I'm not trying to be the Bat. He told himself again. This was the Gestalt's old hide-out. I'm just following my usual pattern. The hero's "usual pattern" in this case being to copy, rip off, or otherwise steal the Good Doctor's tech and use it for his own devices, something that's made his life considerably easier as he's improved in his heroing. His eyes flittered back to his newest version of his costume, smiling slightly as he saw the barest glint of polarized steel from his new 'hooks. The old ones were fantastic, but the electromagnetic grip held much stronger in this version, and used less power. And with the new place, he'd be able to make them even more efficent.

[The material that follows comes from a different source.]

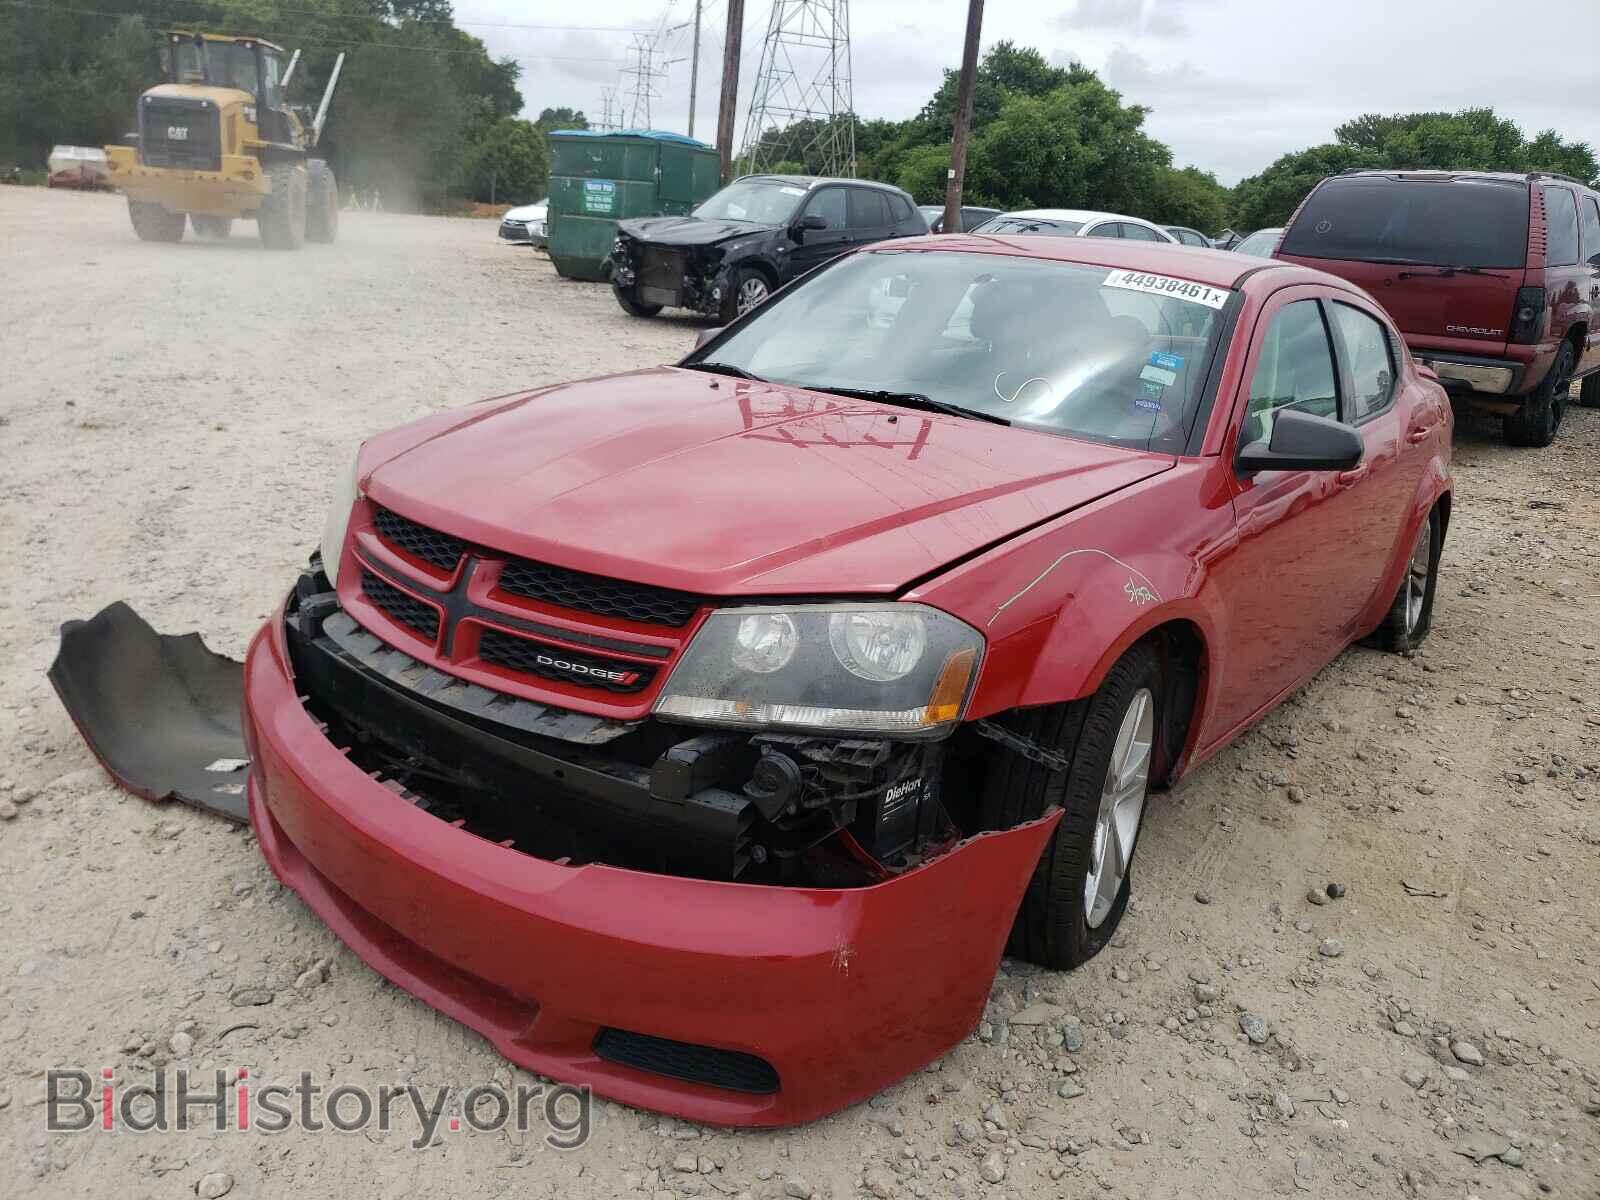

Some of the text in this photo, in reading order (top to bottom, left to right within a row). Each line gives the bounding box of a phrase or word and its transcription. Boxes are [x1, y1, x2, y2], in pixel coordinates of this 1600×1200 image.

From that point, he checked one of the computer monitors to look at his latest toy. The mortorcycle's tires looked flat at first glance, but the hero could just faintly make out their design dispite the poor resolution. The "tires" were actually thousands of strong, telescoping legs with rubber tips on the end. As the bike rode, sensors in the nose and back sent data to the wheels, telling the spokes when to extend and contract, and which portion of the pad would grant the most traction. The spokes would extend out if a pothole was ahead, or retract if a speedbump was coming up. Coupled with the GPS that tracked weather reports, the end result was amazing: Patchwork could drive that baby through a rockslide and not feel a jolt.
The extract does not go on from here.